▶ Problem details:
Exclude the pictures. Transcribe, exactly as written, the lines from the one with "this 1900×1069 image." through the end of the entries below.

───── Data supplied

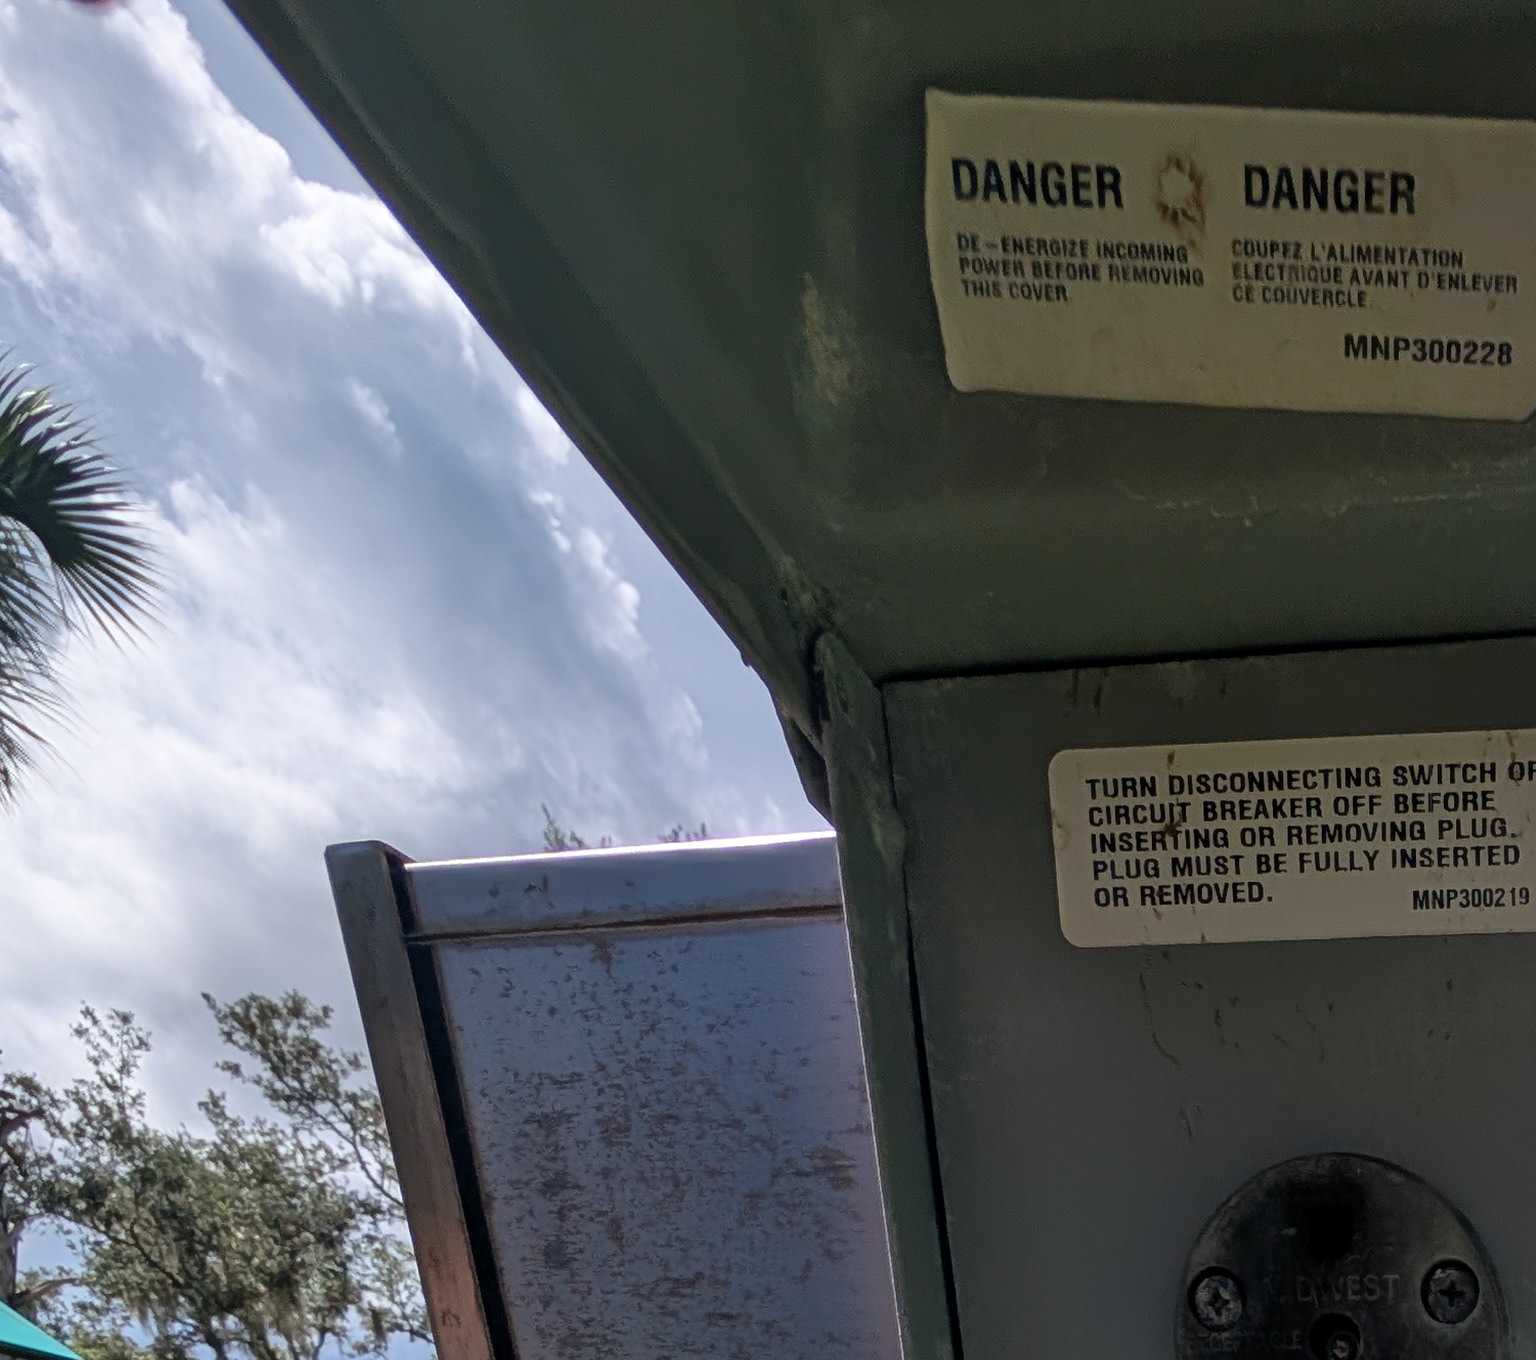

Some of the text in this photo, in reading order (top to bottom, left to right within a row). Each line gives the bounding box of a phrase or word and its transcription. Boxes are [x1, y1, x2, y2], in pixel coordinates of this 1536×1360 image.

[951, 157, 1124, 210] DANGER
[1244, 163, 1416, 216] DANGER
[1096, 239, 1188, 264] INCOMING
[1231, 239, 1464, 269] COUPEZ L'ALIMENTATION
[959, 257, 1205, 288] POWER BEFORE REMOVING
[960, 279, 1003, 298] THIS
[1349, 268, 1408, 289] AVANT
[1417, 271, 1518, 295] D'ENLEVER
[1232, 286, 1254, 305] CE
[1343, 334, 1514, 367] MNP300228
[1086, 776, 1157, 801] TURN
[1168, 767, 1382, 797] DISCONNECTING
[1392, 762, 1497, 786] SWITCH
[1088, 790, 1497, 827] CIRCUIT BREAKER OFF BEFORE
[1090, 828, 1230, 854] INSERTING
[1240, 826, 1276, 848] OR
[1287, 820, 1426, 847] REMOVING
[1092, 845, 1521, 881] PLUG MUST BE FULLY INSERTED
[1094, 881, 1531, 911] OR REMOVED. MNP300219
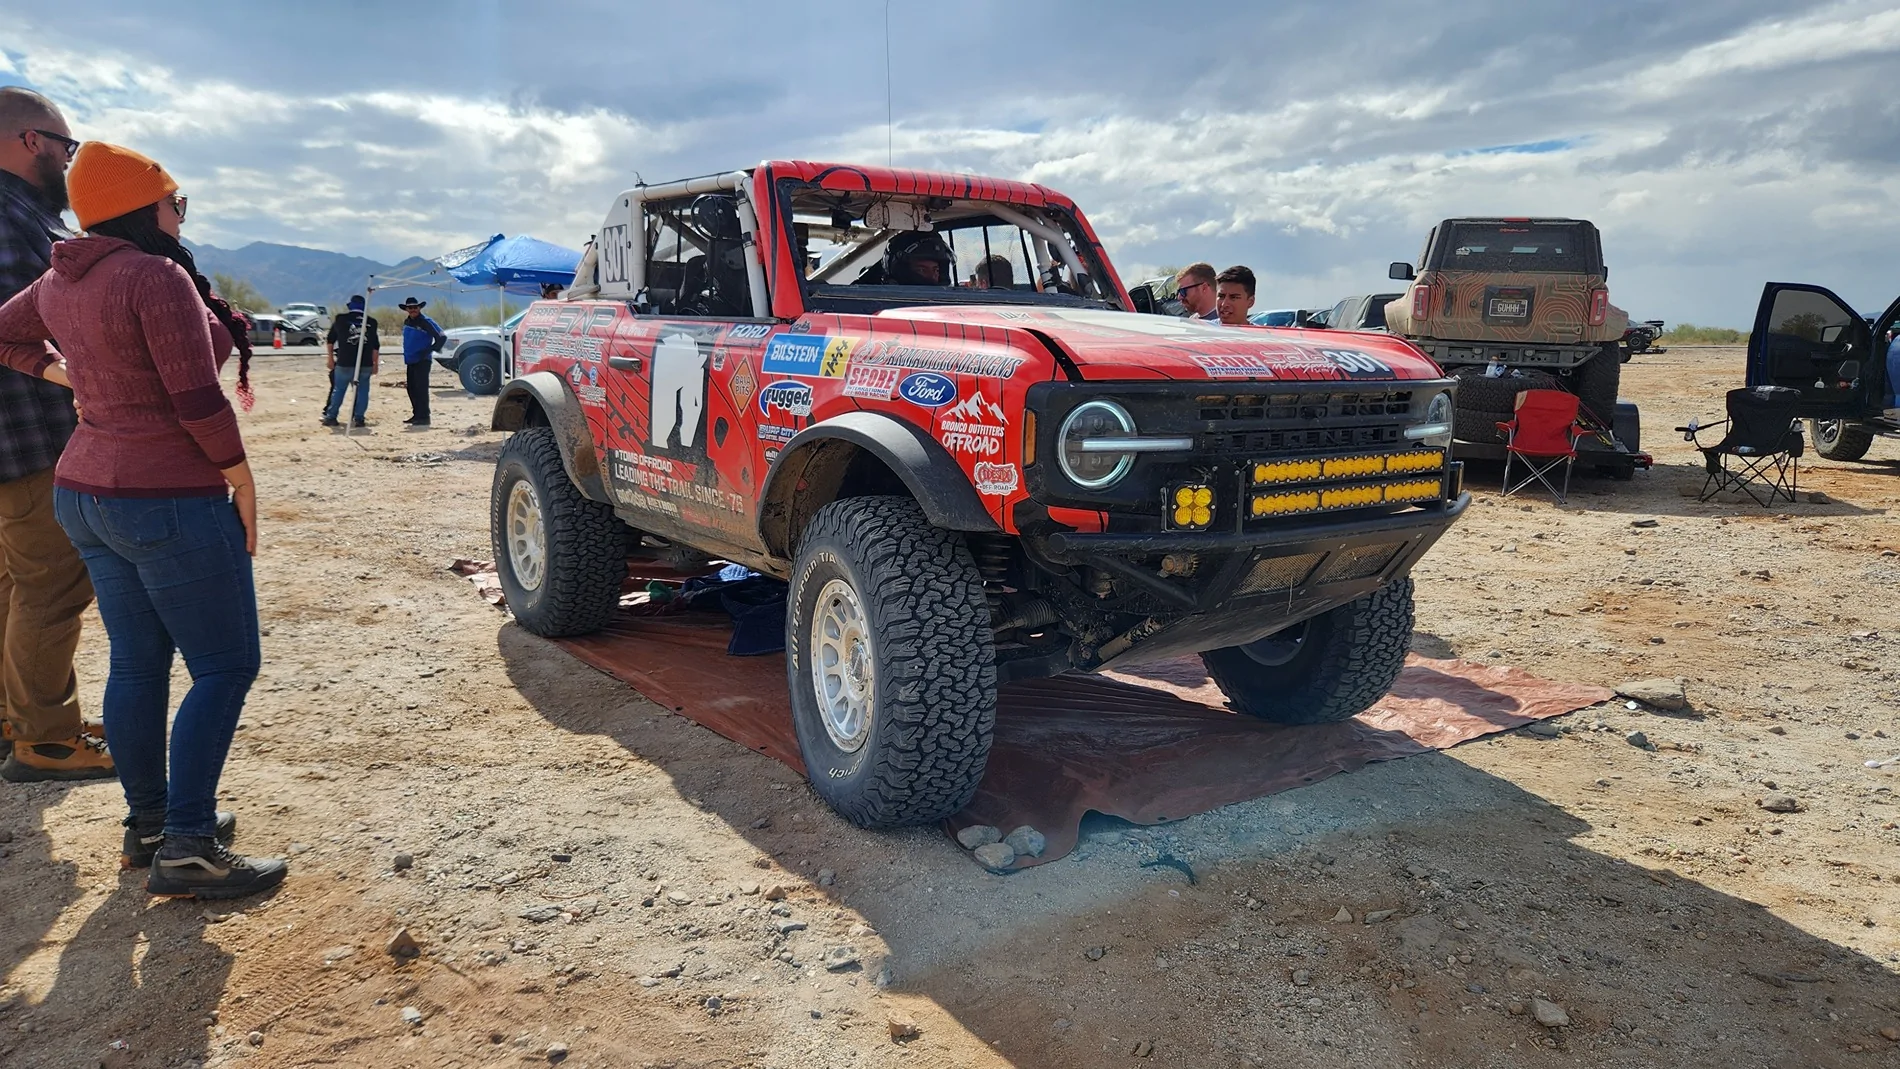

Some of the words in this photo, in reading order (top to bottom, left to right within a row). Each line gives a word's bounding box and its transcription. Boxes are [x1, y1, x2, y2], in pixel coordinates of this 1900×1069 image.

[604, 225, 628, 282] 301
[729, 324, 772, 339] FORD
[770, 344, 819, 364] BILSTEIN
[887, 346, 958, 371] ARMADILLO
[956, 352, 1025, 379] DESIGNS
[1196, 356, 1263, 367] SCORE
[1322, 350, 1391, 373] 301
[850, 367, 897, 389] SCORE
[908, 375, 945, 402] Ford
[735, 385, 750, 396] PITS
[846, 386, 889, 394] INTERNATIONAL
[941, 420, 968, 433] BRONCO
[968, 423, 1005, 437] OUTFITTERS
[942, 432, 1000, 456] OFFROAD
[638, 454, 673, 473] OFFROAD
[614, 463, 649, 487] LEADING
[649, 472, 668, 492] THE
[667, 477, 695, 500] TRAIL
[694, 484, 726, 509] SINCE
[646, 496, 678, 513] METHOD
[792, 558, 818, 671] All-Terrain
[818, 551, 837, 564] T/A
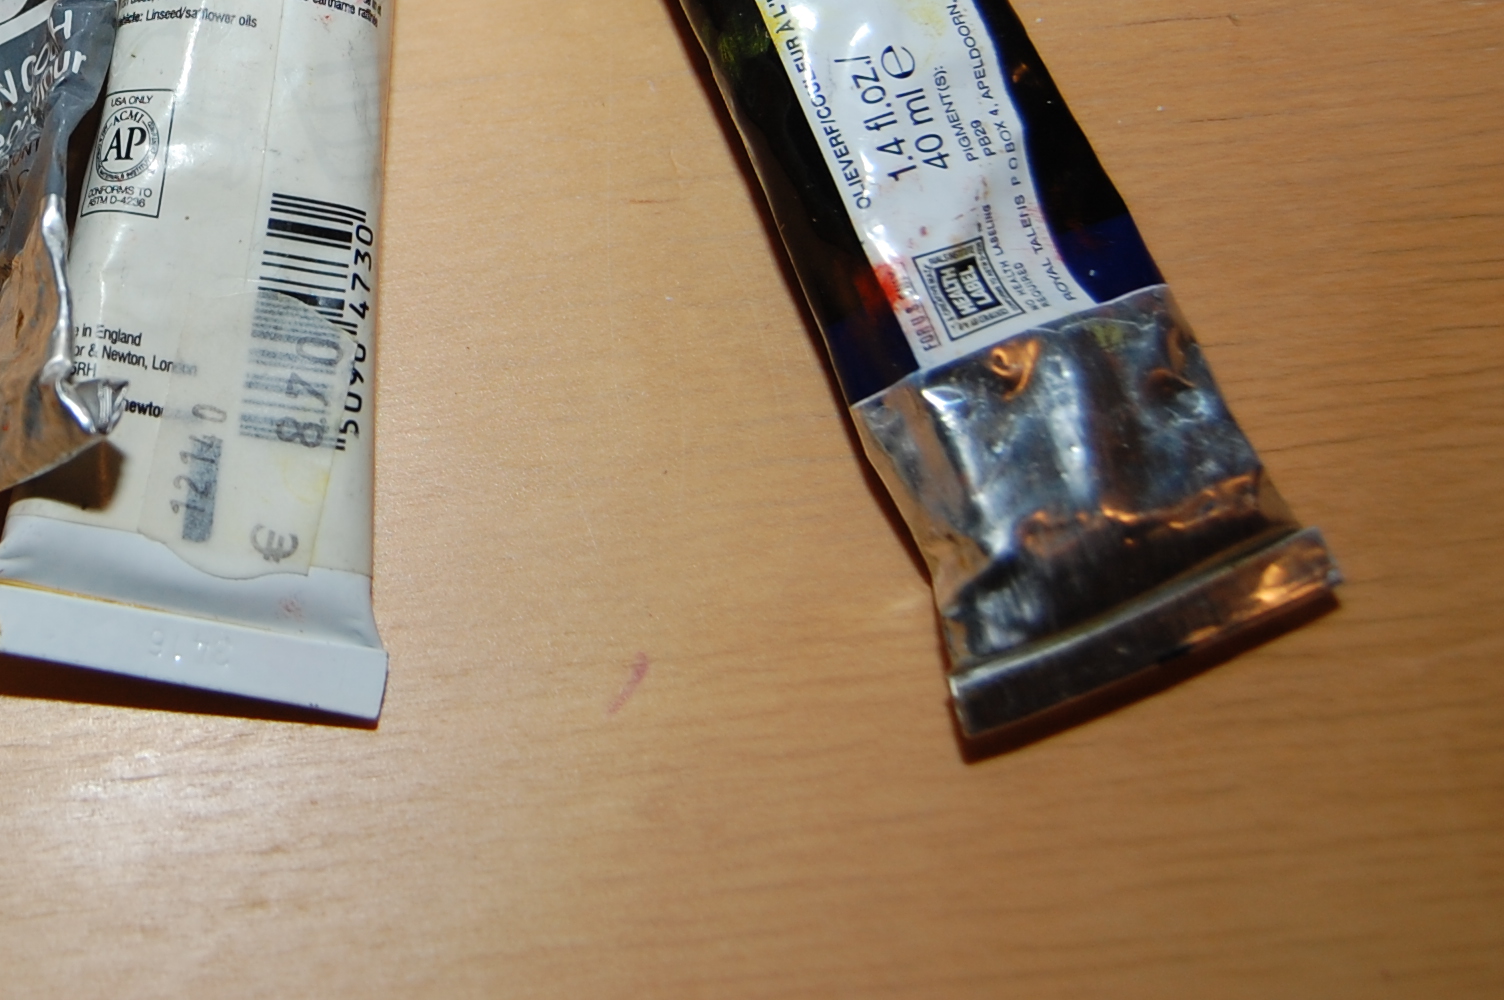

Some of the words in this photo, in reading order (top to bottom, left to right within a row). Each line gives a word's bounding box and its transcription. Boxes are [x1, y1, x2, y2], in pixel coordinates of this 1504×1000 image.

──────────

▶ Task solution:
Some of the words in this photo, in reading order (top to bottom, left to right within a row). Each line gives a word's bounding box and its transcription. Boxes are [x1, y1, x2, y2], in pixel coordinates of this 1900×1069 image.

[604, 225, 628, 282] 301
[729, 324, 772, 339] FORD
[770, 344, 819, 364] BILSTEIN
[887, 346, 958, 371] ARMADILLO
[956, 352, 1025, 379] DESIGNS
[1196, 356, 1263, 367] SCORE
[1322, 350, 1391, 373] 301
[850, 367, 897, 389] SCORE
[908, 375, 945, 402] Ford
[735, 385, 750, 396] PITS
[846, 386, 889, 394] INTERNATIONAL
[941, 420, 968, 433] BRONCO
[968, 423, 1005, 437] OUTFITTERS
[942, 432, 1000, 456] OFFROAD
[638, 454, 673, 473] OFFROAD
[614, 463, 649, 487] LEADING
[649, 472, 668, 492] THE
[667, 477, 695, 500] TRAIL
[694, 484, 726, 509] SINCE
[646, 496, 678, 513] METHOD
[792, 558, 818, 671] All-Terrain
[818, 551, 837, 564] T/A

Some of the words in this photo, in reading order (top to bottom, left to right within a row). Each line gives a word's bounding box and its transcription. Boxes are [x1, y1, x2, y2], in pixel coordinates of this 1504×1000 image.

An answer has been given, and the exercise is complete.